WHAT THE TASK REQUIRES: What you return must match the listing below character for character, minus any pictures.

DATA FOR REVIEW:
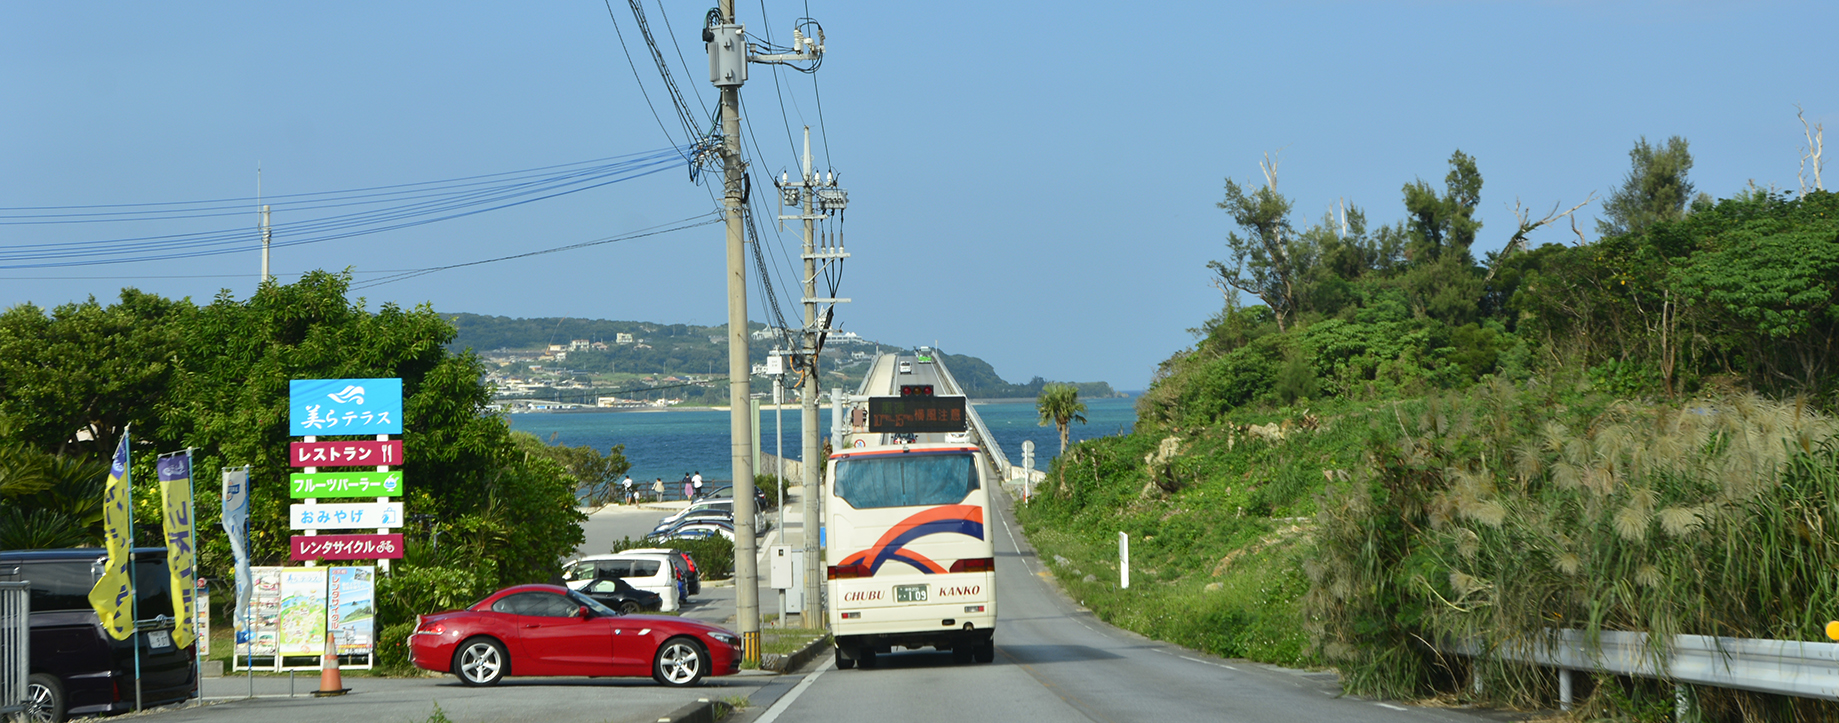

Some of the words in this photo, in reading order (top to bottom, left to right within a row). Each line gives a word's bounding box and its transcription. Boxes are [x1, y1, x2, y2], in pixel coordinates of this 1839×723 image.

[300, 404, 391, 429] 美らテラス
[914, 408, 961, 421] 横風注意
[298, 446, 372, 461] レストラン
[293, 477, 381, 492] フルーツパーラー
[300, 509, 364, 523] おみやげ
[300, 540, 375, 554] レンタサイクル
[844, 590, 885, 602] CHUBU
[939, 585, 980, 597] KANKO
[331, 576, 340, 629] レンタサイクル
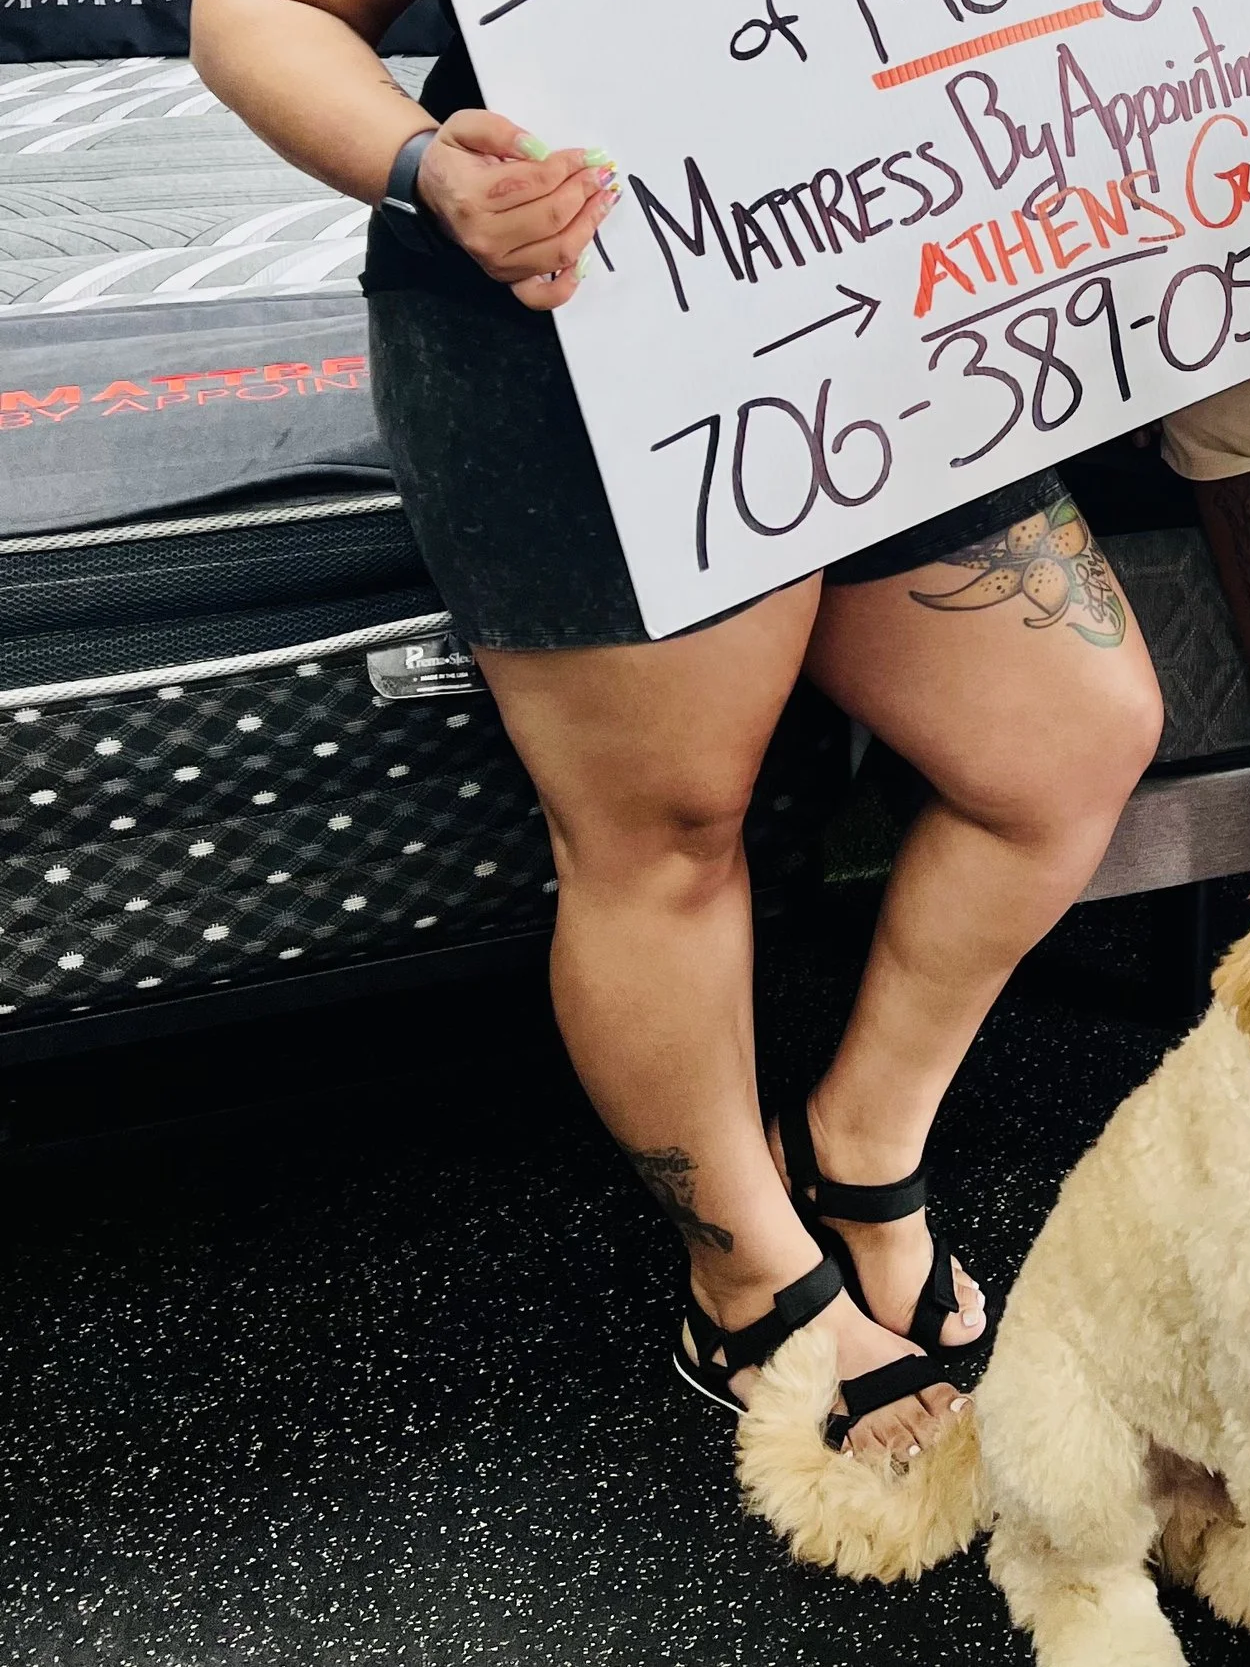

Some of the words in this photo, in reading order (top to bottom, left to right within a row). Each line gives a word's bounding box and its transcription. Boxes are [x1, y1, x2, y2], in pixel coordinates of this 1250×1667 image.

[627, 139, 964, 313] MATTRESS
[912, 168, 1187, 318] ATHENS
[102, 371, 369, 417] APPOIN
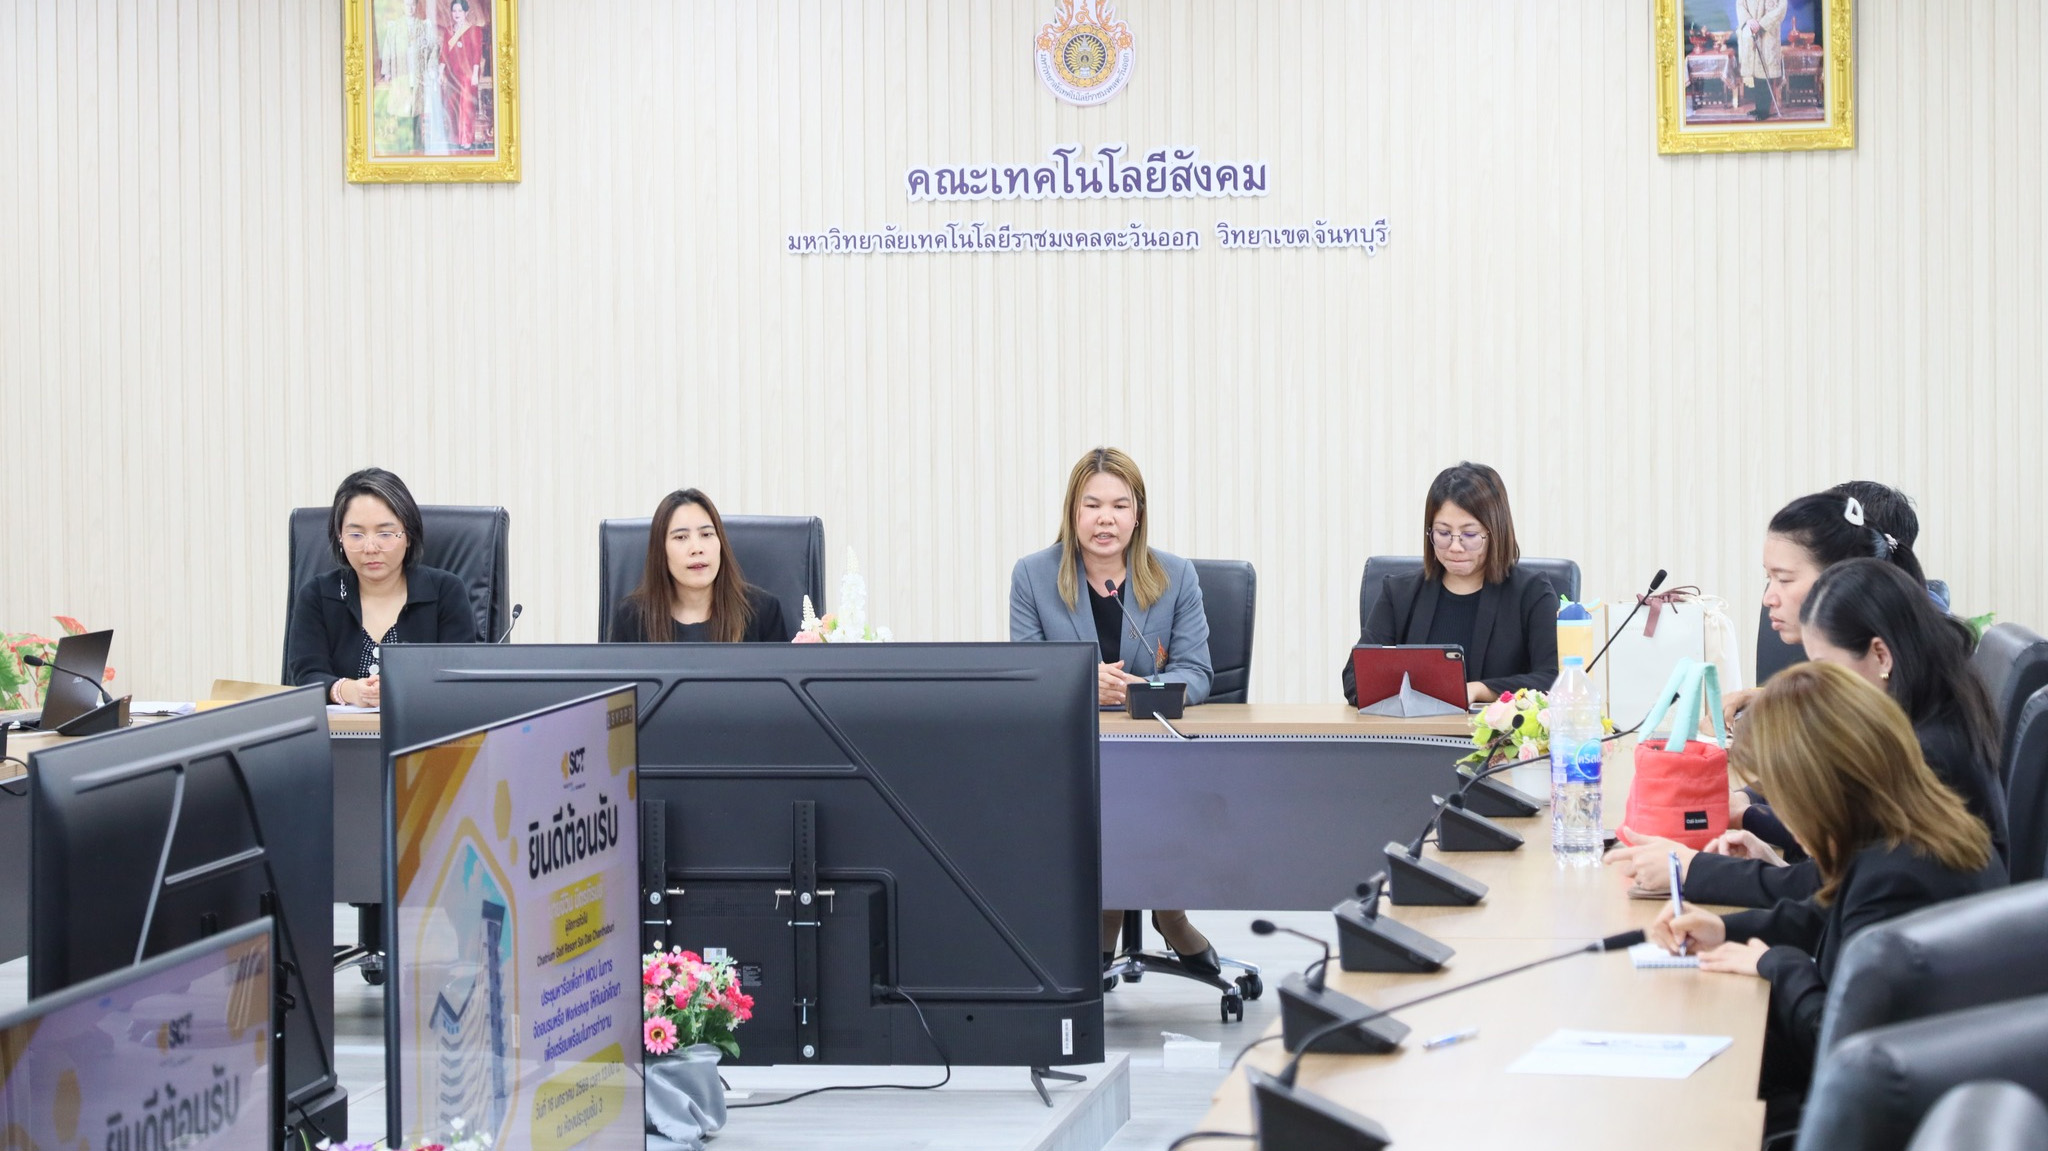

ANSWER AREA:
Some of the words in this photo, in reading order (top to bottom, left to right within a row). Each line gives a word's bounding box and its transcription. Boxes are [x1, y1, x2, y2], in pixel coordinates of this 1839×723 image.

[300, 404, 391, 429] 美らテラス
[914, 408, 961, 421] 横風注意
[298, 446, 372, 461] レストラン
[293, 477, 381, 492] フルーツパーラー
[300, 509, 364, 523] おみやげ
[300, 540, 375, 554] レンタサイクル
[844, 590, 885, 602] CHUBU
[939, 585, 980, 597] KANKO
[331, 576, 340, 629] レンタサイクル

Some of the words in this photo, in reading order (top to bottom, left to right within a row). Each line gives a word's bounding box and its transcription. Boxes are [x1, y1, x2, y2], in pixel coordinates of this 1250×1667 image.

[627, 139, 964, 313] MATTRESS
[912, 168, 1187, 318] ATHENS
[102, 371, 369, 417] APPOIN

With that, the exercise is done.